Scanning the wand over her teeth, he completed his examination. No radio receptors or tracing tech. He didn’t want to think about what he would’ve done if he’d found a tracer. It wouldn’t have been pretty—for either of them.

He tossed the detector on the table. With one hand, he stroked back her soft hair, using the motion to tip her face to his. He caught the flicker of vulnerability, the hint of fear that she worked so hard to hide. “You keep being cooperative and we’ll get along fine. Now, do you have any way of contacting Sergei?”

“No.” She retreated across the kitchen the moment he released her. And knowing that he was the cause made him feel like ten kinds of scum.

“Would your parents be able to?”

“No.” Then, “I don’t know.”

“Can you think of any reason why your brother would do this? Personal gain? Jealousy? Rage, revenge?”

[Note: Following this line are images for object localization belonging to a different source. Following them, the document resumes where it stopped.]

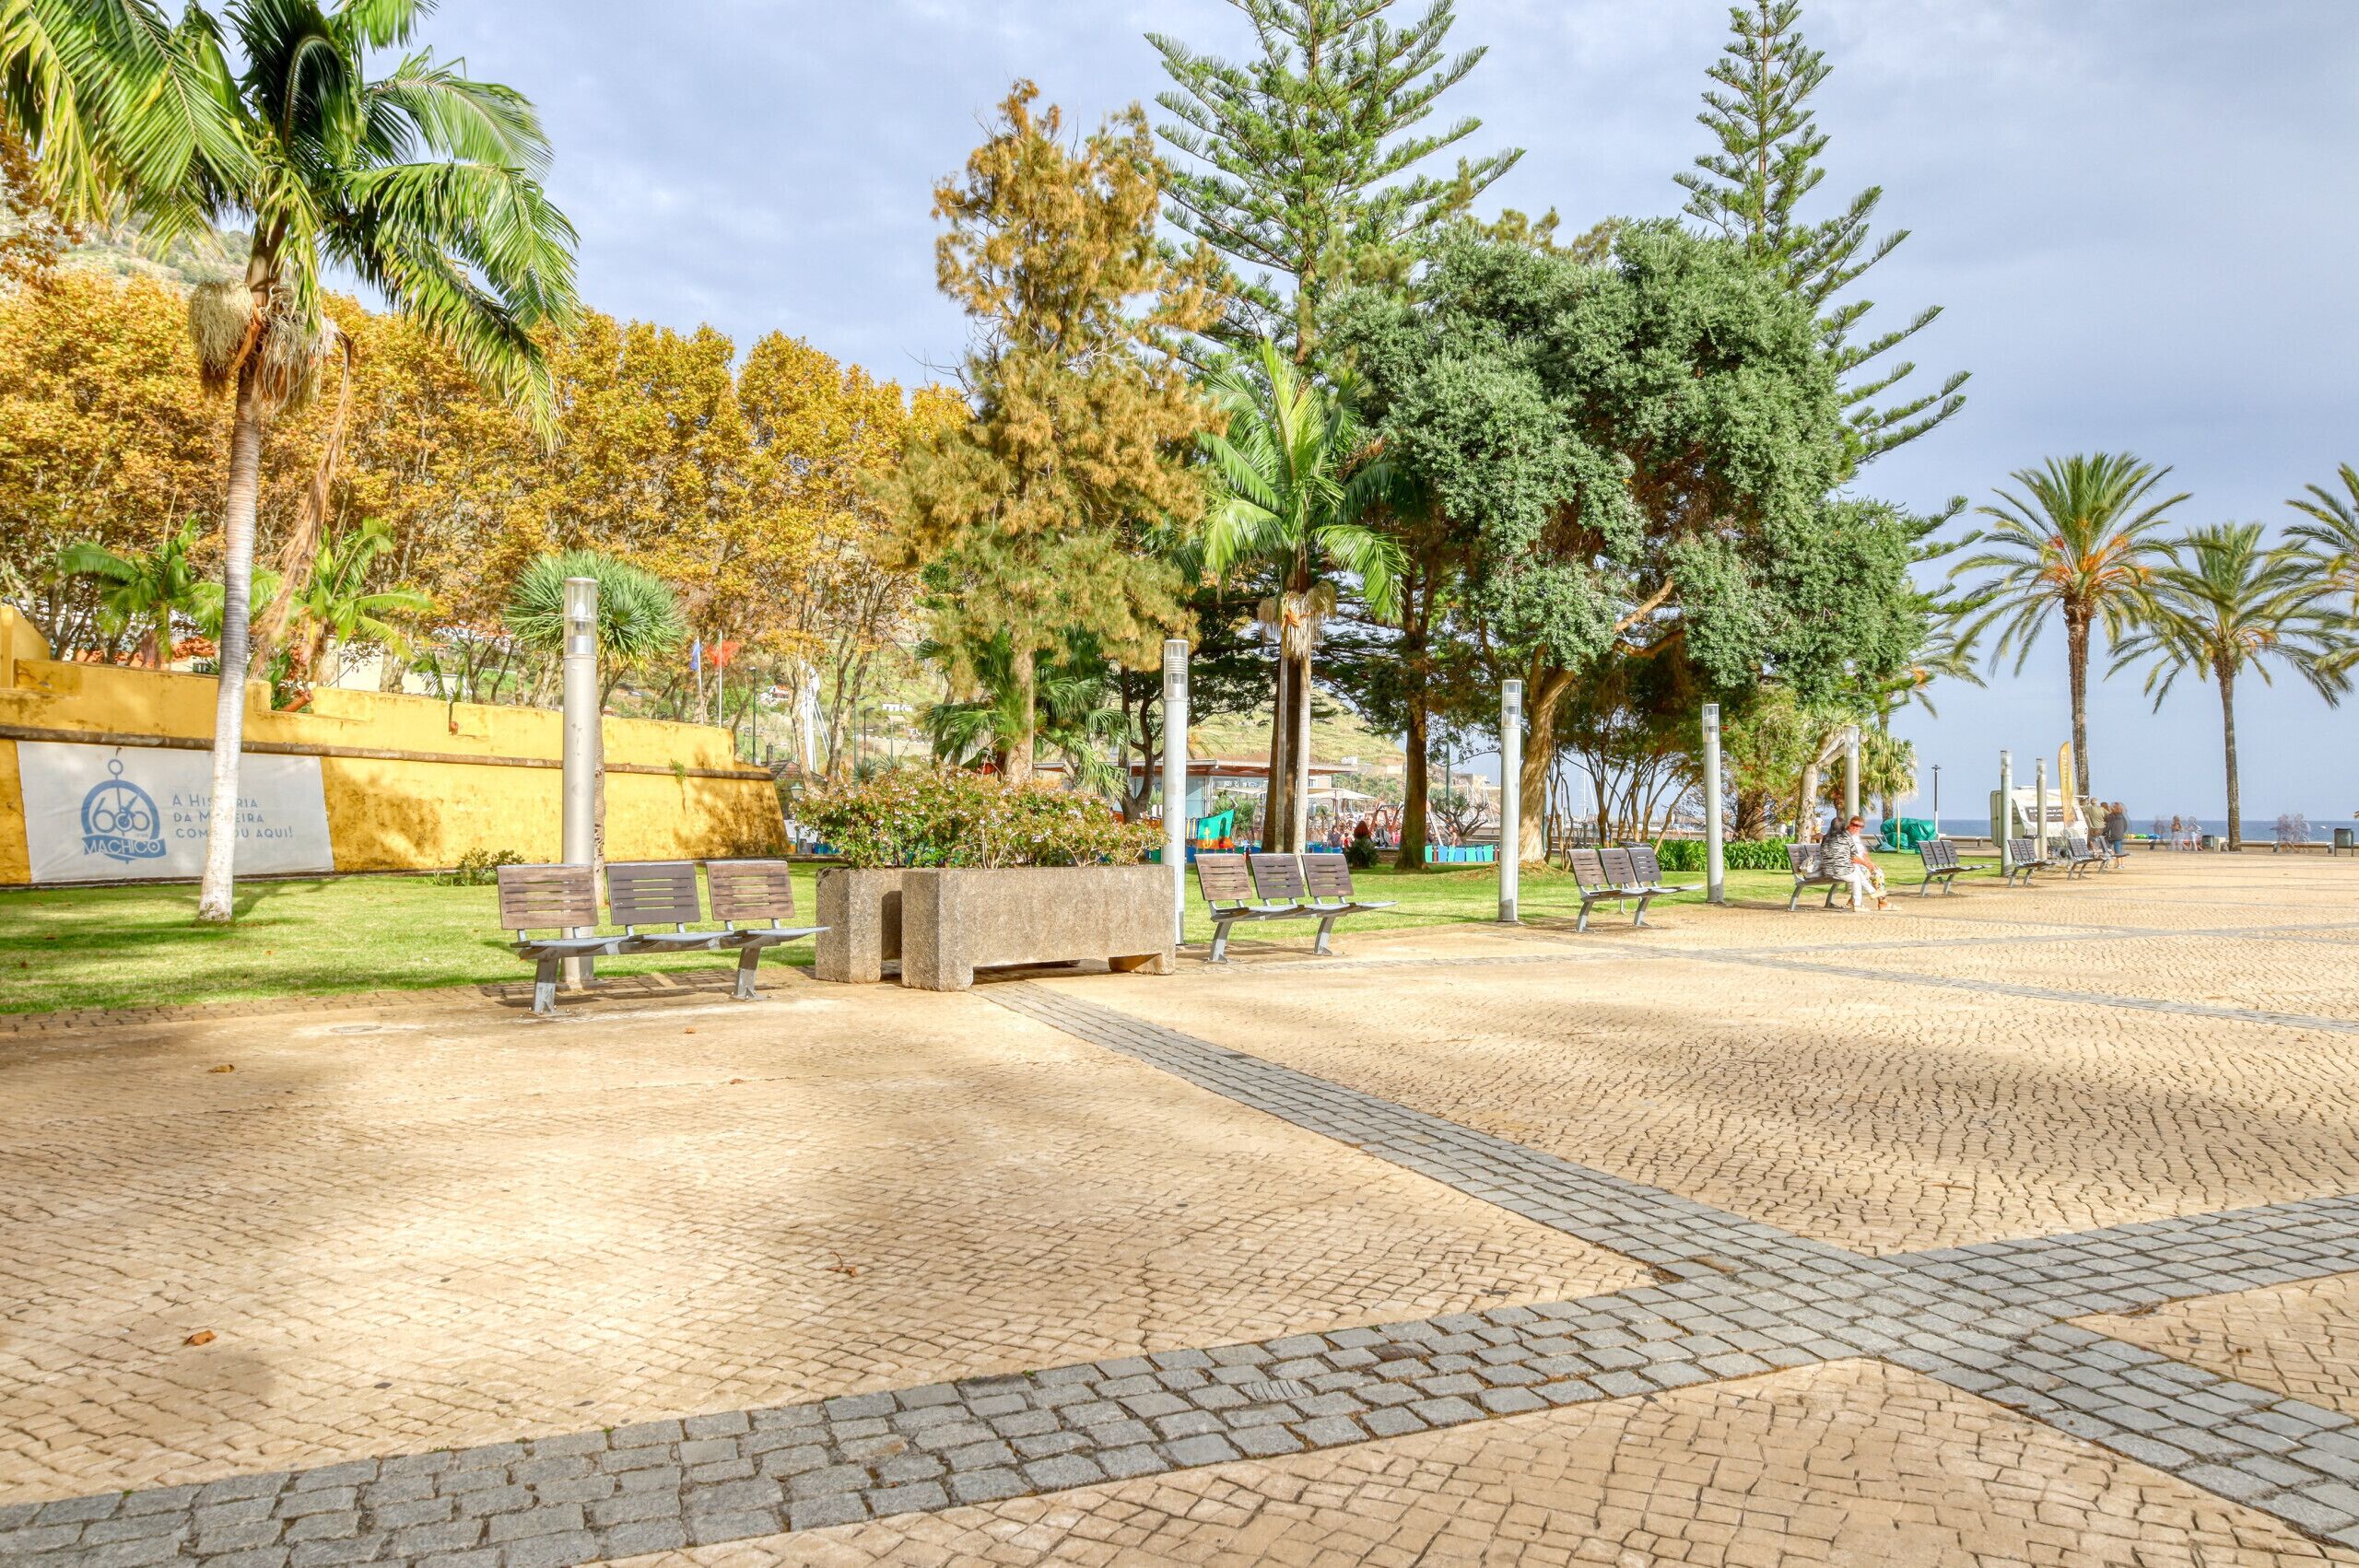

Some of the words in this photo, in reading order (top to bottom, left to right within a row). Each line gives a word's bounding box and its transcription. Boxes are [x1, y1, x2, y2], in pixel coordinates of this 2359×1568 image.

[172, 794, 182, 806] A
[189, 793, 258, 808] HISRIA
[174, 813, 192, 823] DA
[199, 811, 264, 823] MEIRA
[256, 825, 294, 838] AQUI!
[83, 839, 160, 855] MACHICO
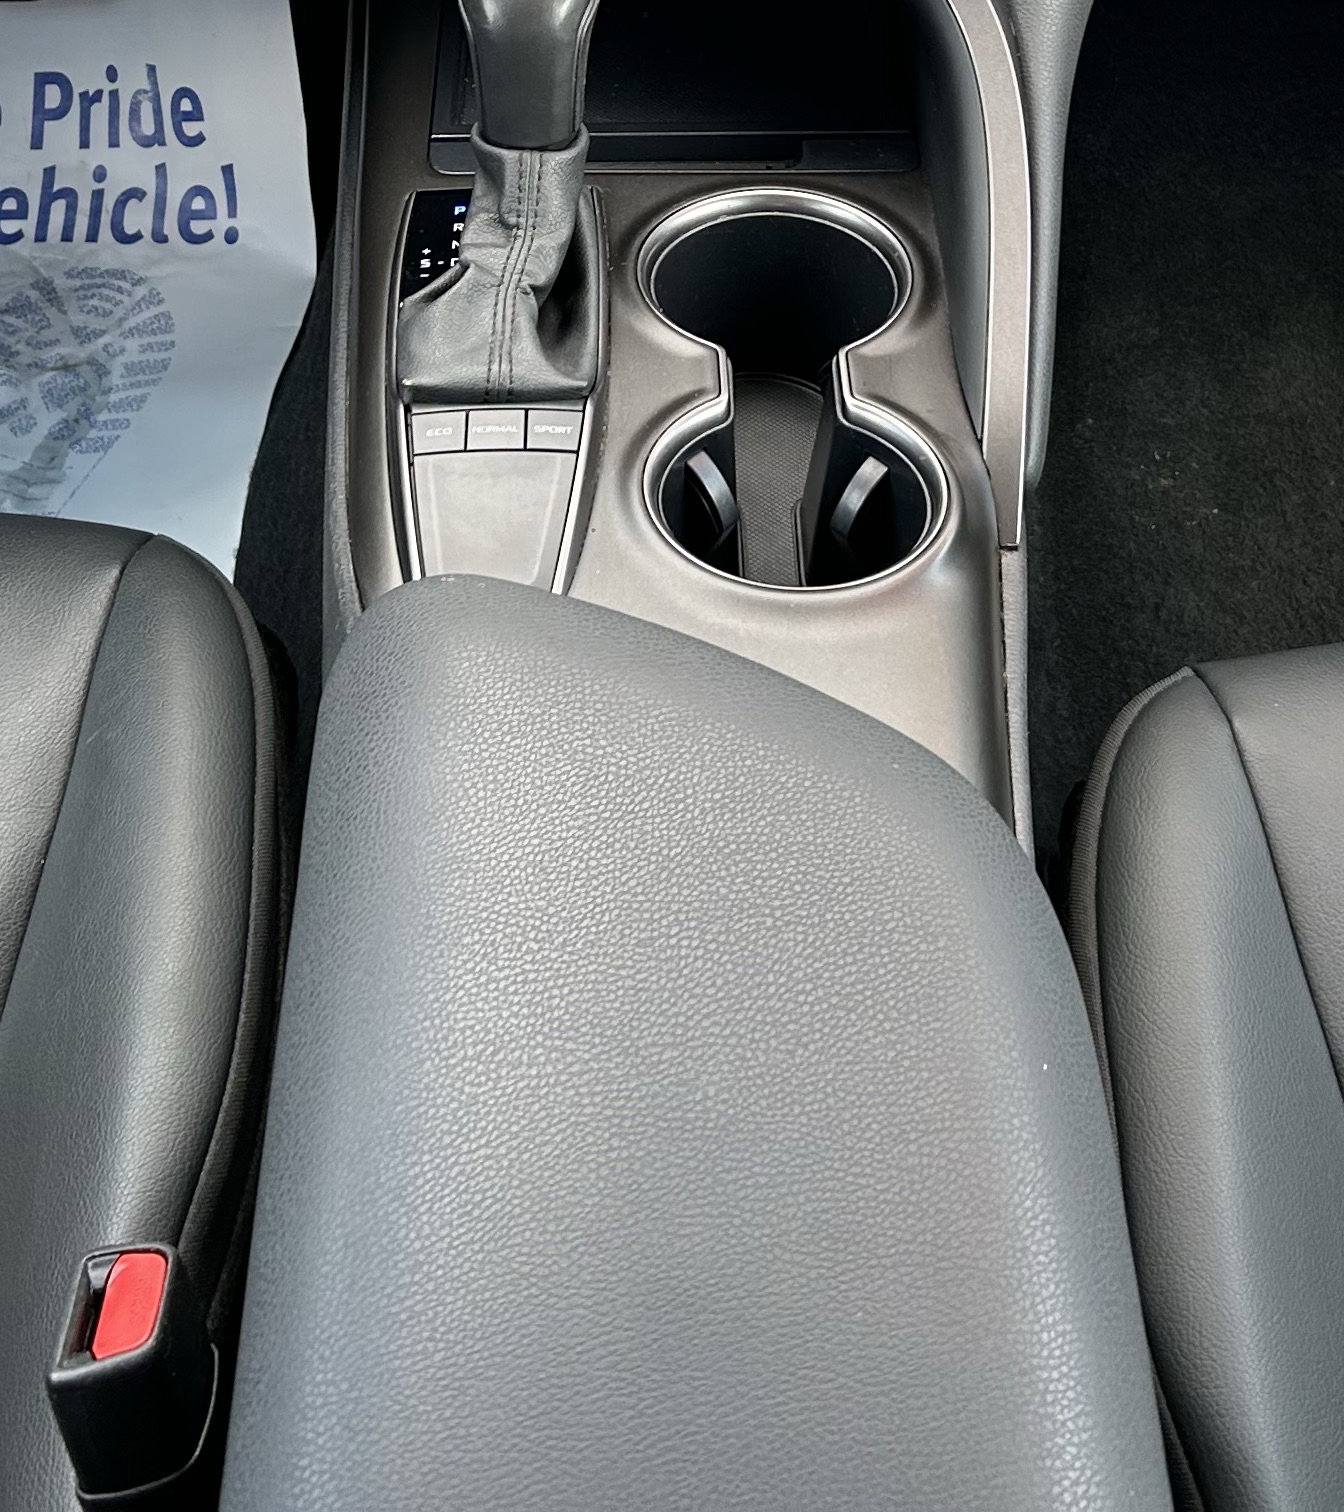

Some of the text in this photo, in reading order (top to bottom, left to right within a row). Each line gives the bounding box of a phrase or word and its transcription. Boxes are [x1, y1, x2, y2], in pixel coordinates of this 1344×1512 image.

[30, 64, 206, 151] Pride
[454, 205, 466, 216] P
[452, 222, 465, 232] R
[419, 258, 431, 268] S
[425, 427, 453, 437] ECO
[471, 424, 519, 435] NORMAL
[533, 424, 574, 435] SPORT

She shook her head. “I don’t think it’s money. My family has never been driven by the dollar.”

“There’s always a motive, Svetlana. People don’t fly off the grid and commit heinous crimes without a reason.”

“Serial killers do.”

“Serial killers are sociopaths operating outside the confines of society,” he said. “Their urges are rooted in sexual desires and aggression. They have reasons, even if the average person can’t comprehend them. We aren’t talking about some Freudian felon. Your brother’s involved with the big players. He has the knowledge, the means, and apparently the balls to generate mass destruction.”

“If what you say is true, then my brother is sick and needs help.”

“The people who died on Capri needed
help
. Children in cancer wards need help. Your brother needs to be brought to justice before he sets off another wave. Or do you want to see more innocent people die?”

“Of course not!”

Jared would do whatever he had to do to protect the innocent. Problem was, he didn’t know if Lana was among the innocent or the threat.